Mimicking biological cation-transport based on sphere-surface supramolecular chemistry: simultaneous interaction of porous capsules with molecular plugs and passing cations.

Spherical capsules of the type {(Mo)Mo(5)}(12){Mo(2)(ligand)}(30) exhibiting 20 {Mo(9)O(9)} pores with crown ether functions allowed us to perform a sophisticated study of the title phenomenon based on synthetic work as well as NMR spectroscopy. The pores of the host system interact in solution specifically with guests that can be noncovalently bonded, such as formamidinium and acetamidinium cations, while having different affinities to the pores. The exchange between the guest species present in solution and in the pores was investigated, including, besides the extreme scenarios of complete pore closing and complete opening, that of stepwise pore plugging. Because of this option it was possible to model for the first time passive transmembrane cation transport based on gated pores/channels. These have the appropriate dimensions and can even adopt different structure flexibilities in response to different cations.
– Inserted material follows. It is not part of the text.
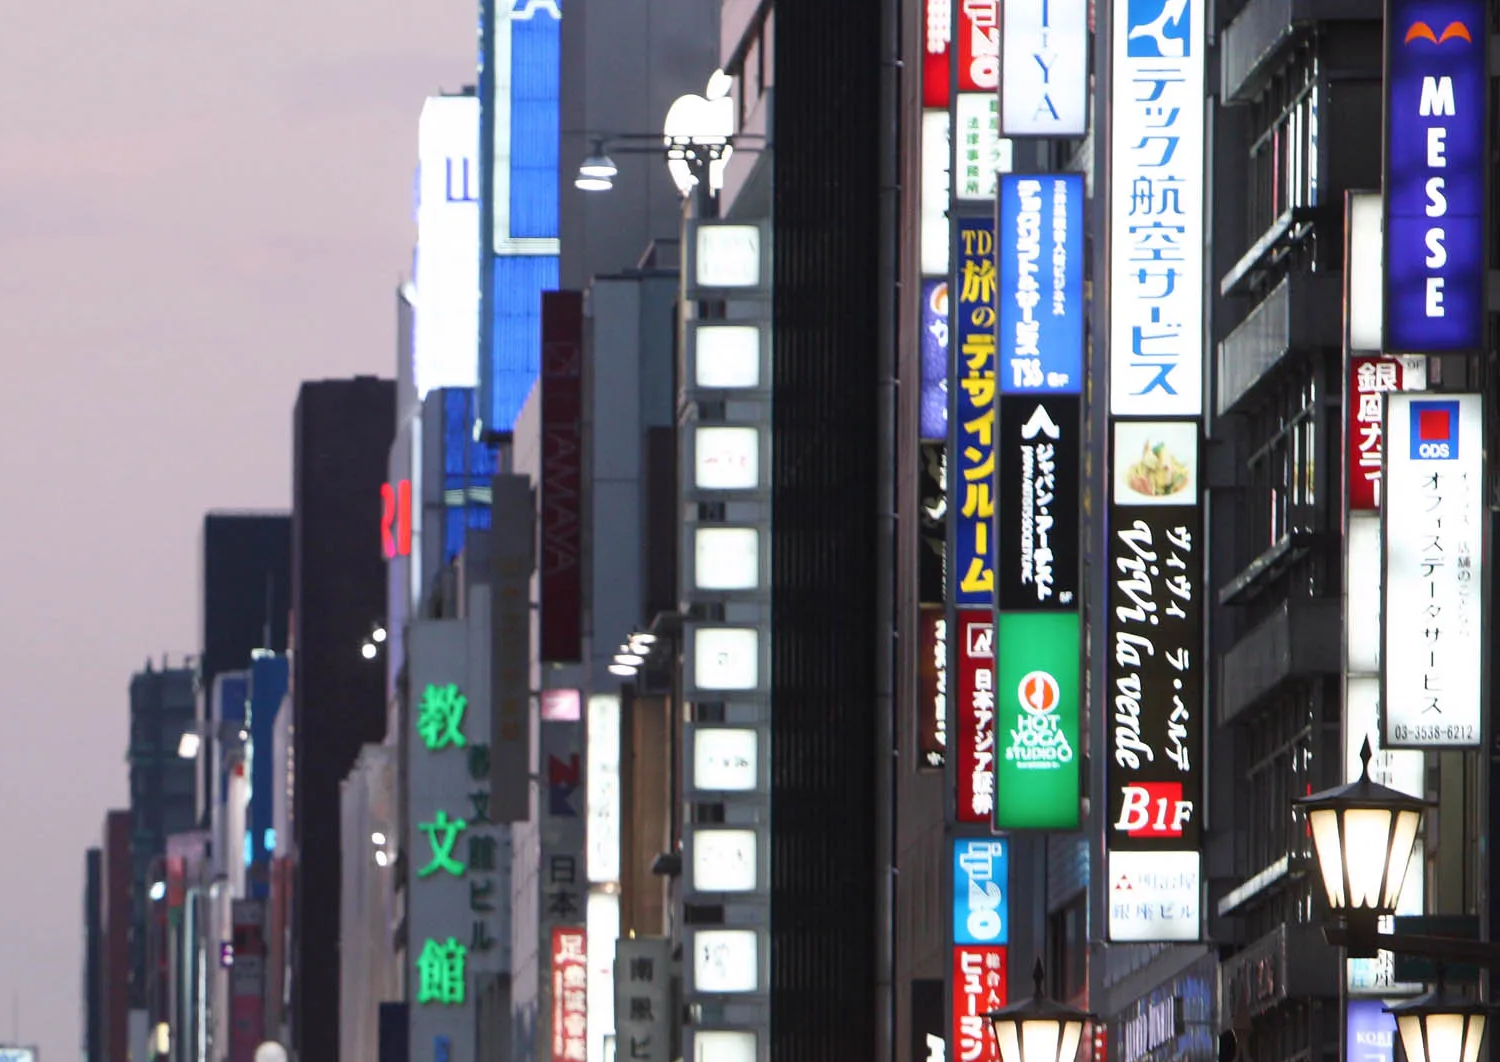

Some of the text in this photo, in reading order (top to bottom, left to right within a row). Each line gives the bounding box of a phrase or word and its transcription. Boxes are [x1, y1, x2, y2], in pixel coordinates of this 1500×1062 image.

The present investigation is based on related syntheses as well as on numerous detailed (7)Li NMR studies of Li(+) transport/exchange equilibria in dependence of the pore environment/guest situations. One compound containing capsules with sulfate ligands (2) could be obtained in which all the pores are plugged with formamidinium cations and another corresponding one was obtained with additionally encapsulated Ca(2+) ions (3); these were taken up after temporary release of some of the formamidinium plugs/guests upon short heating of the related solution.